El complejo de Edipo podría sintetizarse mucho al describirlo cómo un trastorno de la afectividad y la conducta derivados de carencias por falta de autonomía e independencia emocional respecto a las figuras paternas; que con frecuencia se interpreta sobre todo en el ámbito de la madurez psicosexual. Se puede decir que Edipo no padeció el complejo de Edipo, o al menos no parece deducirse de lo que se ha descrito de este personaje. Aunque, en el drama del héroe de Tebas, haya símbolos que le sirvieran a Freud para bautizar con el nombre de Edipo dicho trastorno psíquico.

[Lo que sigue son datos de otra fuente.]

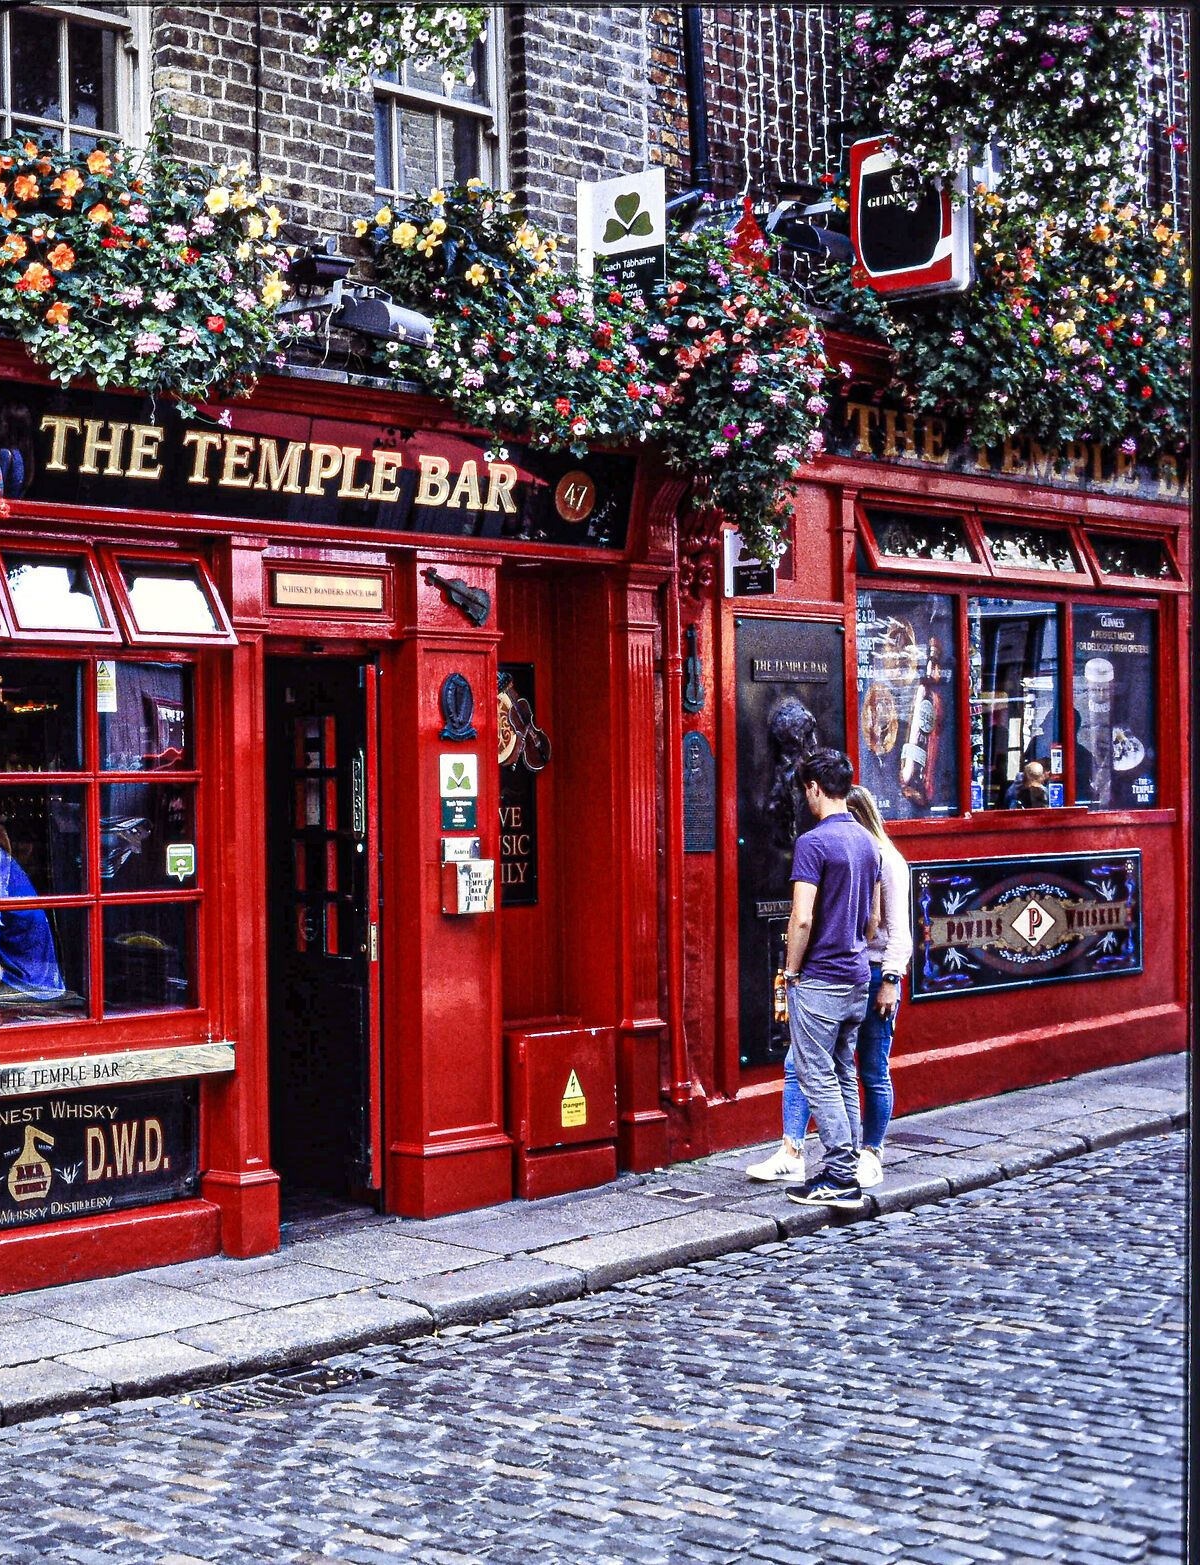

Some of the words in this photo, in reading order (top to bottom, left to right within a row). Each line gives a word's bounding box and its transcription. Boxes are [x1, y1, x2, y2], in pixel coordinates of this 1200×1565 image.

[867, 191, 909, 208] GUINN
[622, 270, 636, 279] Pub
[846, 401, 949, 465] THE
[1157, 454, 1190, 499] B
[39, 415, 165, 481] THE
[183, 429, 402, 503] TEMPLE
[414, 454, 518, 514] BAR
[564, 482, 588, 511] 47
[282, 585, 312, 595] WHISKEY
[1117, 632, 1135, 640] MATCH
[754, 660, 772, 671] THE
[776, 660, 808, 672] TEMPLE
[810, 661, 828, 673] BAR
[1132, 785, 1154, 794] TEMPLE
[1137, 794, 1149, 802] BAR
[465, 894, 488, 902] DUBLIN
[946, 917, 1002, 942] POWERS
[1027, 907, 1043, 938] P
[1065, 907, 1121, 930] WHISKEY
[0, 1072, 25, 1089] THE
[32, 1065, 87, 1085] TEMPLE
[93, 1062, 120, 1079] BAR
[50, 1101, 119, 1120] WHISKY
[87, 1119, 169, 1181] D.W.D.
[50, 1196, 113, 1215] DISTILLERY

Edipo era hijo de los reyes de Tebas, Layo y Yocasta. El augurio predijo a Layo que un hijo suyo lo mataría, casándose con su madre. Por eso Layo lo llevó al monte Citerón y lo abandonó colgado de un árbol por los pies para librase de él. Sin embargo Edipo fue recogido por un pastor y cedido al rey Polibo, de Corinto, que no tenía hijos y lo adoptó. Ya adulto, Edipo comenzó a dudar de su verdadera identidad y acudió al oráculo de Delfos – ¡otra vez el oráculo! – para aclarar el misterio. La Pitia no le reveló el nombre de sus padres, tan sólo le advirtió que no volviese a su patria, pues su futuro estaba determinado a matar a su padre y casarse con su madre. Muy asustado, Edipo abandonó Corinto y se dirigía a Tebas, cuando en el camino fue atropellado por un carro muy veloz. Lleno de furor, Edipo entabló una pelea, en la que mató al conductor, un lacayo y al dueño, que no era otro que su verdadero padre, Layo – desconocido para Edipo.

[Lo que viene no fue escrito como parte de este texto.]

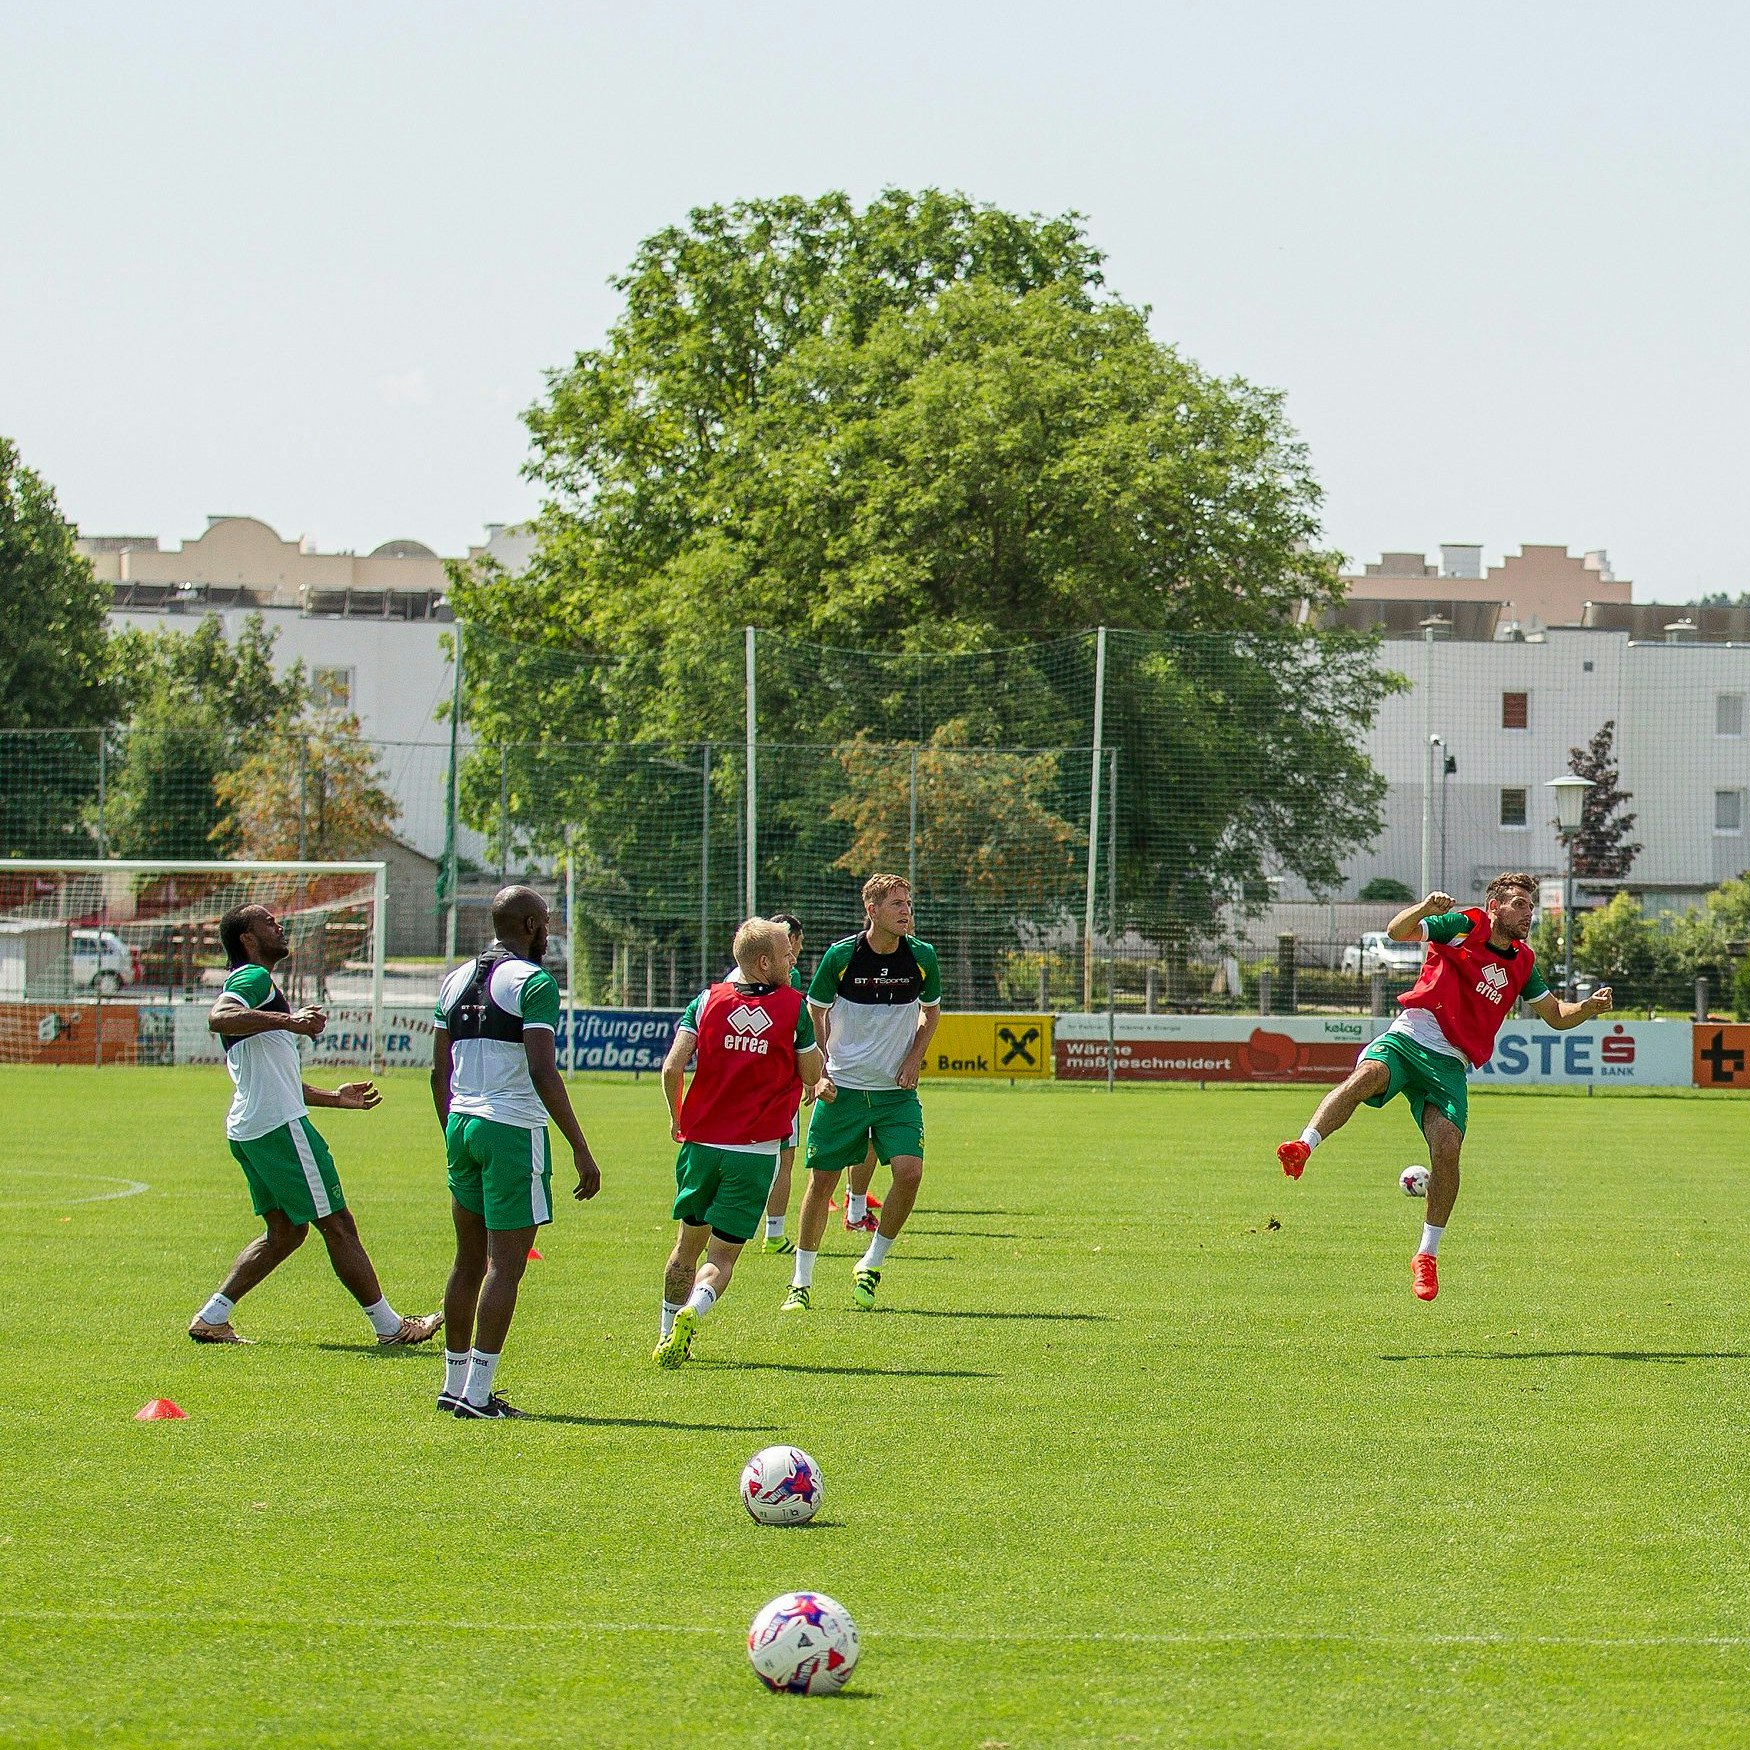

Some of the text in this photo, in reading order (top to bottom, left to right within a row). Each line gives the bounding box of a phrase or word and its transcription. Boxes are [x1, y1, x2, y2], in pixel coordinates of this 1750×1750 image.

Continuando Edipo su camino, encontró a la Esfinge, un monstruo con cuerpo de león y rostro de mujer, que tenía aterrorizada a la población de Tebas. La venció con su lógica, descifrando una adivinanza del malvado ser, y fue recibido triunfalmente en la ciudad, donde recibió el premio de su hazaña y se casó con Yocasta, su madre, pasando a ser rey. Los dos vivieron felices, ajenos al conocimiento de su relación natural y tuvieron cuatro hijos. Hasta que la fatalidad asoló la ciudad y Edipo recurrió de nuevo al oráculo, que acusó al asesino de Layo como culpable de la ira de los dioses contra Tebas. Un anciano servidor del palacio le reveló su verdadera identidad y Yocasta se ahorcó al conocer la verdad, a la vez que él mismo se arrancó los ojos y los tebanos le obligaron a abandonar la ciudad.

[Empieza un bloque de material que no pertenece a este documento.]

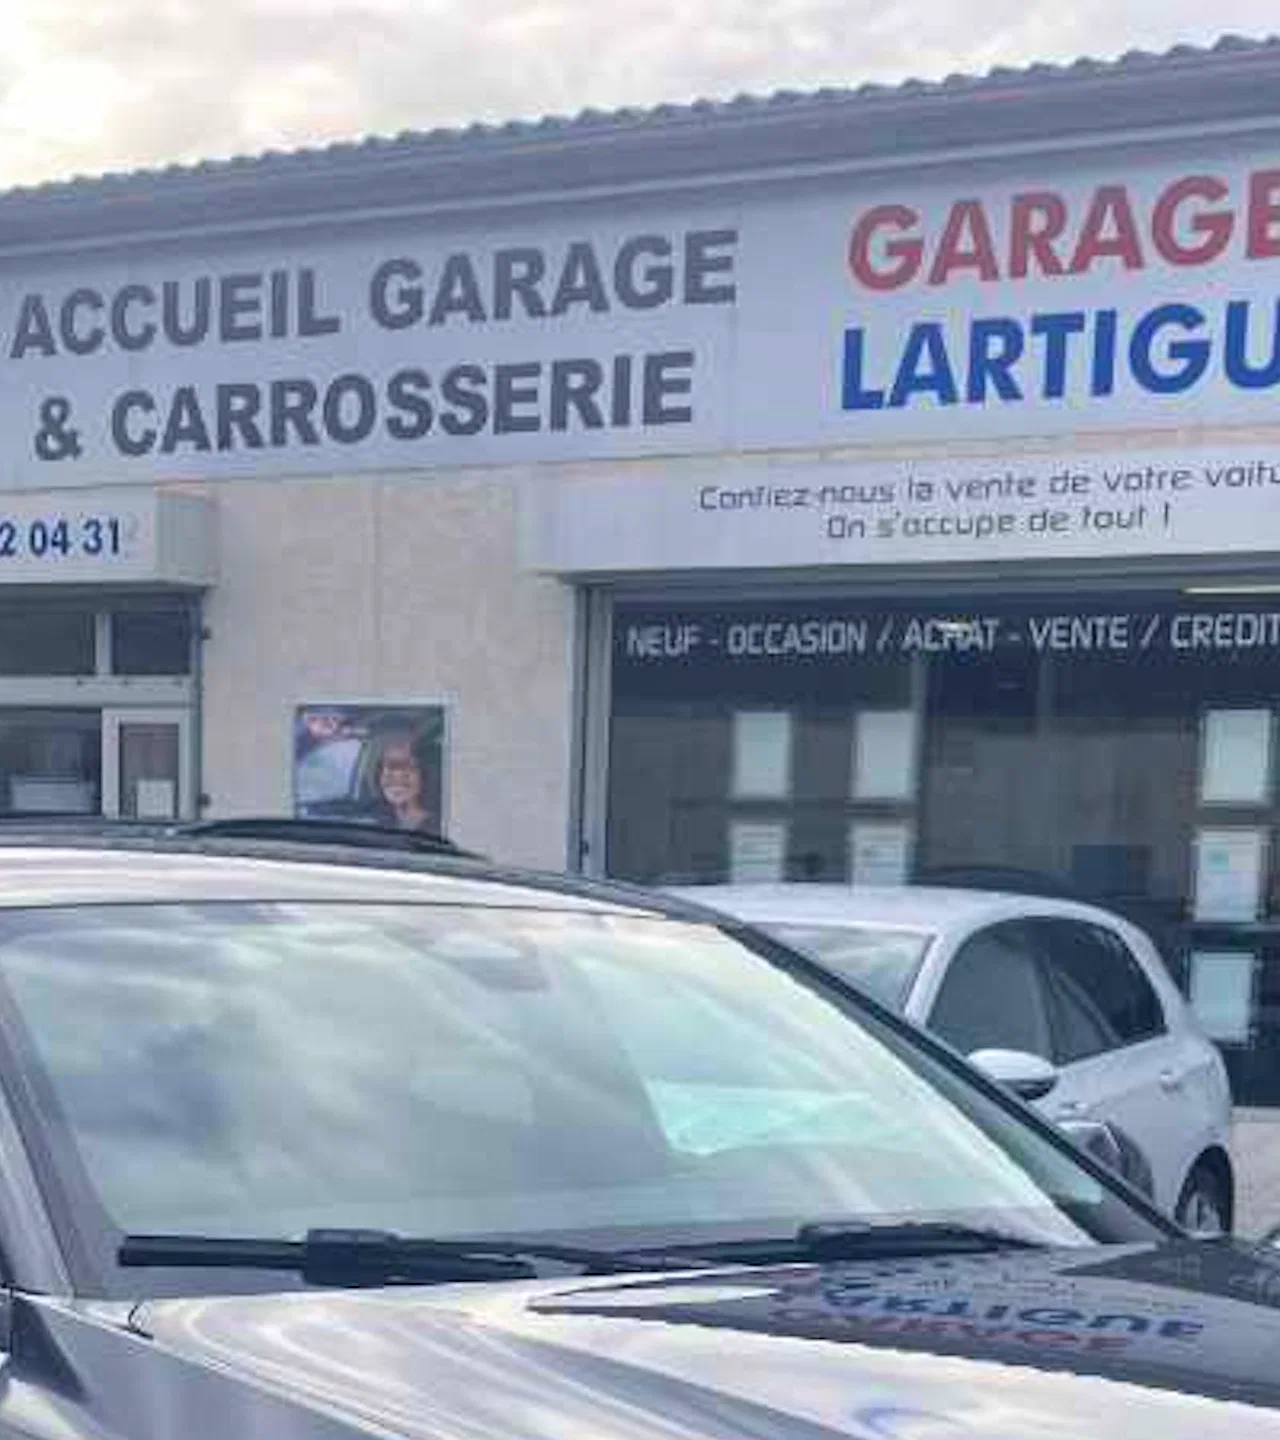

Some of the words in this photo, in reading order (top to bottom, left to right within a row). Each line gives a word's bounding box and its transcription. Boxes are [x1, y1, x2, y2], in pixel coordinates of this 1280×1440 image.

En esta leyenda tan dramática hay mucho prejuicio, facilitado por tanto oráculo. Quizá las cosas han cambiado y la perspectiva actual no es la misma que la del mundo griego, dominado por la idea determinista de la fatalidad, los tiempos cíclicos y, sobre todo, de los aconteceres ya prederterminados por los vaticinadores. Pero no hay que olvidar que las enseñanzas de la mitología tienen una validez perenne y, por lo tanto, deben interpretarse con los matices que pueda darle el tiempo en que se recrean. Así, ahora, me parece que en esta historia hay aprensiones, adquiridas por la creencia en lo que dicen los adivinos. Y son, precisamente estos temores concebidos de antemano, los que alteran la libertad, los que conducen por derroteros equivocados la conducta hasta el sarcasmo, hasta el drama…Como Edipo y Layo que, sin complejos, llevaron hasta la exasperación la fatalidad de sus prejuicios.